I am really interested in the general situation when $A\in \mathcal F$ is a $P$-null set, but to make the problem more concrete I assume in the following that $A = \{Z=z \}$, where $Z$ is a continuous random variable. It then seems natural to make use of a Markov kernel $K$ (assuming that it exists) from $(\mathbb R, \mathcal B)$ to $(\Omega,\mathcal F)$ and define a regular conditional distribution given $Z=z$ as follows: $P_z(\cdot) := K(z,\cdot)$. I wonder if it is correct to make sense of conditional independence with respect to $\mathcal G$ and $Z=z$ as above: $$ X \perp_P Y | \mathcal G,Z=z \quad \Leftrightarrow \quad X \perp_{P_z} Y | \mathcal G. $$ I.e. that conditional independence and expectation is defined in terms of $P_z$. Since $P_z$ is a probability measure on $(\Omega, \mathcal F)$ we can make sense of the conditional independence statement on the right. Likewise, for $X \in L^1(P_z)$ there is a unique $\mathcal G$-measurable variable $H$ such that $E_{P_z}[I_G H] = E_{P_z}[I_G X]$ for each $G \in \mathcal G$. I wonder if this is a way to make sense of $E_P[X | \mathcal G, Z=z]$.

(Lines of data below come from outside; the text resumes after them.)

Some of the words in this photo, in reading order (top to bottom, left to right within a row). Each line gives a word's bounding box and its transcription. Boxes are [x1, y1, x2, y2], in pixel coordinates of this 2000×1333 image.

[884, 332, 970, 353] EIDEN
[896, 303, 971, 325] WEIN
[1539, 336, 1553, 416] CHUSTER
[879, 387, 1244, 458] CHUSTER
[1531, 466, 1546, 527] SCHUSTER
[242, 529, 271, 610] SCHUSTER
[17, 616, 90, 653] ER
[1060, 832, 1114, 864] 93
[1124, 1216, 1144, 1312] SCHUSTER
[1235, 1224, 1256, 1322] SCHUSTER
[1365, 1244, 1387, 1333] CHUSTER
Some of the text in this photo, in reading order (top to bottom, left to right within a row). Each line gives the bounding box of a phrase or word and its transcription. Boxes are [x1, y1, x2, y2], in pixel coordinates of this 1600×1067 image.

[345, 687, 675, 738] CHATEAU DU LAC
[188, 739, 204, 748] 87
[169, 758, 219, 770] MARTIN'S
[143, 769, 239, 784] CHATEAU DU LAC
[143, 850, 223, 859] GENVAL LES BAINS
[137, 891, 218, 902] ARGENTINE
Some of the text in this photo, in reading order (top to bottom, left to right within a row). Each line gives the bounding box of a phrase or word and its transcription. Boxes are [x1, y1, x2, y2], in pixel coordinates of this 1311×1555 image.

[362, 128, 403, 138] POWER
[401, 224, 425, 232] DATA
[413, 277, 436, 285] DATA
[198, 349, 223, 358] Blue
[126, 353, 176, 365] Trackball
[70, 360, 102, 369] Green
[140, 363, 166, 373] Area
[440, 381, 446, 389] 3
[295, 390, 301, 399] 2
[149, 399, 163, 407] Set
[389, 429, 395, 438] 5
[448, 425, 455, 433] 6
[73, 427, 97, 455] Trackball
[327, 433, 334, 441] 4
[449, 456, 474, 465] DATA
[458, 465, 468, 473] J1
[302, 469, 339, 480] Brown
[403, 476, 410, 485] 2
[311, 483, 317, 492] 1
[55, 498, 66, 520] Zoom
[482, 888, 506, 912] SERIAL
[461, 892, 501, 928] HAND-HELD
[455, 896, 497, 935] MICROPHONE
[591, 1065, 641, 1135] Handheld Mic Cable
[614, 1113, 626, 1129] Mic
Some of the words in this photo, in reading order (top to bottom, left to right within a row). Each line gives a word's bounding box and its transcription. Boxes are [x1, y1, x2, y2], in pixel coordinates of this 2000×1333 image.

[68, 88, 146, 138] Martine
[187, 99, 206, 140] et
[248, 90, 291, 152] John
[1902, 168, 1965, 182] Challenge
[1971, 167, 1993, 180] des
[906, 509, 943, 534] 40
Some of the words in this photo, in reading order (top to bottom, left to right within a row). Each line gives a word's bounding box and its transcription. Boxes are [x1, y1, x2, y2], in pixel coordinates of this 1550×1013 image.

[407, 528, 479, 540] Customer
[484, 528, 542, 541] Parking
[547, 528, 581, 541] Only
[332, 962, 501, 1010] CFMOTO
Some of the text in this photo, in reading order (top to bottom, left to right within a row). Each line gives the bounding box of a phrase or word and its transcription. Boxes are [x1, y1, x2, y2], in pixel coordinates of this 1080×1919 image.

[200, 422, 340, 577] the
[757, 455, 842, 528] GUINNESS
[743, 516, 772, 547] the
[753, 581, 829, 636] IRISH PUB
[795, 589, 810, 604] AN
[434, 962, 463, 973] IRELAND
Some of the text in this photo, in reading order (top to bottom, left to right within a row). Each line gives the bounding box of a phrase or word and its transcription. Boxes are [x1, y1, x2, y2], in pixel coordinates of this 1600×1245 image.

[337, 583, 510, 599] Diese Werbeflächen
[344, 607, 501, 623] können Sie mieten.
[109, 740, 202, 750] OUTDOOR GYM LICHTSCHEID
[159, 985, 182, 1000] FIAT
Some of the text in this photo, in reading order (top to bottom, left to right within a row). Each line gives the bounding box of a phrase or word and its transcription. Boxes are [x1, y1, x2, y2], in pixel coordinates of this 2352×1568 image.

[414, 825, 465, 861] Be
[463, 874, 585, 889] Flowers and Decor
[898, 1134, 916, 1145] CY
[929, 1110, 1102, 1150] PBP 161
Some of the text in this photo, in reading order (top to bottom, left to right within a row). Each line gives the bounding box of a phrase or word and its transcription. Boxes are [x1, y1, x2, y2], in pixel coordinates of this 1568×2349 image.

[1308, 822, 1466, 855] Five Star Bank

The obvious limitation here, it seems to me, is that one can not generally assume that such a Markov kernel exists (unless one imposes some special structure on $(\Omega, \mathcal F)$, e.g. that it is a Borel space, which seems undesirable). On the other hand, if the construction I'm thinking of is incorrect then I have no clue as to how objects like $E_P[X | \mathcal G, Z=z]$ are defined in general! Of course, if $\mathcal G = \sigma(L)$ for some random variable $L$, we are really talking about objects like $E_P[X | L, Z=z]$, which statisticians work with and manipulate all the time.